“Write Every Day,” They Say: Does Editing Count?

What exactly counts as writing?

Today’s post is about something I’ve often wondered about. It’s common advice to aspiring writers that they must write every day: you MUST MUST MUST write EVERY SINGLE day. In “On Writing,” Stephen King makes a big deal out of this: he says he writes on holidays, on his birthday, 365 days a year. The thinking behind this mandate is, if you’re working on a project the length of a novel, you must make SOME progress each day, even it’s barely anything, to keep the storyline and characters fresh in your mind. You have to keep momentum going. Once you leave a project, it’s difficult to come back and finish it. It’s not impossible, but it’s a challenge, so it’s better to just power through if you can by writing every single day, even if that’s for half an hour or even fifteen minutes. For encouragement, people note that if you write one page a day, in a year you can feasibly have a novel completed.

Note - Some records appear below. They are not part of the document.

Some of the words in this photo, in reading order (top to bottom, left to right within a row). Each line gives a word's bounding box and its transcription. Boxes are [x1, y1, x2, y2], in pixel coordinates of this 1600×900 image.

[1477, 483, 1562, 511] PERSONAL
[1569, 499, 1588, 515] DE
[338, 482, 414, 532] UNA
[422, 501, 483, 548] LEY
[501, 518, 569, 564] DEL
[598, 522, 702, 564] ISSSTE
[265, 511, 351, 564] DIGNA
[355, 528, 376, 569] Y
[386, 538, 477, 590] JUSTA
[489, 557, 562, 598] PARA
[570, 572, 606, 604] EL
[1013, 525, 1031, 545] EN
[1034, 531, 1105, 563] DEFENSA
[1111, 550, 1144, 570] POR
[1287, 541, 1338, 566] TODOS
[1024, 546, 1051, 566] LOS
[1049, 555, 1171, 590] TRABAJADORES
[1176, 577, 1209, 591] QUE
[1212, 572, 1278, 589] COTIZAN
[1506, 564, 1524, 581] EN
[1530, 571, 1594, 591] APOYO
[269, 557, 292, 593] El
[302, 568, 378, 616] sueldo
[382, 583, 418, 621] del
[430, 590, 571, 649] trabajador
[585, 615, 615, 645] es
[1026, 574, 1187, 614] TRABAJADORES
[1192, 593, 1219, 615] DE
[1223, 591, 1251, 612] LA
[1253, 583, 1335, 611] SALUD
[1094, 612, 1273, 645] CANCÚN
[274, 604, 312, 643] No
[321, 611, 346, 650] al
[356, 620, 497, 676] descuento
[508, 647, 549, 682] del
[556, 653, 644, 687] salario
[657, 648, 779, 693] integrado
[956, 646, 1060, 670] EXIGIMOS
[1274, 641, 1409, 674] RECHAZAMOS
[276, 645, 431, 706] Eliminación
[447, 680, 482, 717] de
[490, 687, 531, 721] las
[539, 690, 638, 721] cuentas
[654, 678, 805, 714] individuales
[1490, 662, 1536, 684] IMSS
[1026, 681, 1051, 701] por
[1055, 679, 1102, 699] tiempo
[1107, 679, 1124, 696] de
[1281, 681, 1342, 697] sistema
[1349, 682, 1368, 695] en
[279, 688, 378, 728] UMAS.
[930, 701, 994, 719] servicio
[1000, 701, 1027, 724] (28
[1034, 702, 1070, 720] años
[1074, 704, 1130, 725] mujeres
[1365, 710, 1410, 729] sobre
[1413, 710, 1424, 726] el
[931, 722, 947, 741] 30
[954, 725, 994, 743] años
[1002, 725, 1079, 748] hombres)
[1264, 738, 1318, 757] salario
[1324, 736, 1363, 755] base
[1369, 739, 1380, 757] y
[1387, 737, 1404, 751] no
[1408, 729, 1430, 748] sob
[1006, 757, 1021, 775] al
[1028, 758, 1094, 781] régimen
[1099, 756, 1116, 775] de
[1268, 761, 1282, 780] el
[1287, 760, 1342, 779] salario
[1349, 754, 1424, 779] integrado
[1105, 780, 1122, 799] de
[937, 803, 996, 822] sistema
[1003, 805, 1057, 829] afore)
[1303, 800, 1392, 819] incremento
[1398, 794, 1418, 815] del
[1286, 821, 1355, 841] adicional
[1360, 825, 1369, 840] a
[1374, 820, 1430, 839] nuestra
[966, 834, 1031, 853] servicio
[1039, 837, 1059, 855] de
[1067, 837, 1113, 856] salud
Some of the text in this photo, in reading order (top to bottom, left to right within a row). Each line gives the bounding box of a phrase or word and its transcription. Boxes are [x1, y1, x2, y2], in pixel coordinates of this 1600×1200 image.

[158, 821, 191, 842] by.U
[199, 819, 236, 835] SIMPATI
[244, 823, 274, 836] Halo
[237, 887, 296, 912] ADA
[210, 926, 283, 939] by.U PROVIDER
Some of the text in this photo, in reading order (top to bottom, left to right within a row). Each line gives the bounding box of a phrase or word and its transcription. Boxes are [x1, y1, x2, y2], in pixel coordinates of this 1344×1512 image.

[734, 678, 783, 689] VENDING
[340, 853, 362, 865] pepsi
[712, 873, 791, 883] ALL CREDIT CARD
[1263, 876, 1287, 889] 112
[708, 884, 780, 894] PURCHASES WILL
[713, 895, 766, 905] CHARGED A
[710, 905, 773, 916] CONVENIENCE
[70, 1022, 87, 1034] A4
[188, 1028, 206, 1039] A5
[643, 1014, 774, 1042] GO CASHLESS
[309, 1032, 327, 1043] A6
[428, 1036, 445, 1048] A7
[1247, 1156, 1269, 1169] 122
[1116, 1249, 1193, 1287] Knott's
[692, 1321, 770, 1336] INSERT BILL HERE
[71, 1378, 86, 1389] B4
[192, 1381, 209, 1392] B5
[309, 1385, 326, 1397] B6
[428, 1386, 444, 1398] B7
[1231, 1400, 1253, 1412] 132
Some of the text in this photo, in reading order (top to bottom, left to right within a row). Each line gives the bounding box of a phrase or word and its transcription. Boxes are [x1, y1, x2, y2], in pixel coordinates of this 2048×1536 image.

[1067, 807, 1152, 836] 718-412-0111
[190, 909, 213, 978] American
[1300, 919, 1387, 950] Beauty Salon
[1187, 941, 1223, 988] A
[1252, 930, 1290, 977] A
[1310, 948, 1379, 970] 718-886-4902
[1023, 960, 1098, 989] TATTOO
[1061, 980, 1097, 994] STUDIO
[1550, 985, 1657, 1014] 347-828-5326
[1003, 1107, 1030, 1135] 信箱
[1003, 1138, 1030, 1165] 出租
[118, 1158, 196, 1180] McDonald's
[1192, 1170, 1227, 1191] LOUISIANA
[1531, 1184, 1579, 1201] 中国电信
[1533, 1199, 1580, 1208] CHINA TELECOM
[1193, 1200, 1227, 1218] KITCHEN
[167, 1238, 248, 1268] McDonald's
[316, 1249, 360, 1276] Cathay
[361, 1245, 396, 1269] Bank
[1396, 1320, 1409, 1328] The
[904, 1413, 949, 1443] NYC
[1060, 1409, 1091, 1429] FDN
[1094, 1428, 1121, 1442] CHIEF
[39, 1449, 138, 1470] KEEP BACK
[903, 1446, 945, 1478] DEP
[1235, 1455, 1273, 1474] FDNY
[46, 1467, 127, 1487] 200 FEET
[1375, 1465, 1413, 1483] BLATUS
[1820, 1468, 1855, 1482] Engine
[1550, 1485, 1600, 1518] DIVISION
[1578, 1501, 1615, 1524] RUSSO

My question is: does editing count as writing when people say, “You should write every day”? Do they really mean to say, “You should work on your fiction every day?” Editing, after all, is an important part of the writing process, one that can teach you a lot, and I prefer, when possible, to work on one project at a time. I’m a grad student, so between my teacher and student duties it can be hard to find time each day to BOTH edit a completed draft and add to one in progress. I’ve always felt that as long I wrote OR edited each day, I’m in the clear. Right now I’m in an editing phase concerning my trilogy. I’m getting “The Magic Council” (part II) in shape for its November release and also smoothing out the first draft of “The King’s Sons” (part III) for beta readers. I’m excited to start drafting a prequel, but I need a while before my ideas are developed enough to start writing and I can find the time to write. First priority is the trilogy: I don’t want to rush releases, but I’d like to get the entire set, as  a quality product, out as soon as I can. I just wondered what other people felt about this writing/editing question? Please leave a comment with your thoughts/opinion. Thanks!


10 responses to ““Write Every Day,” They Say: Does Editing Count?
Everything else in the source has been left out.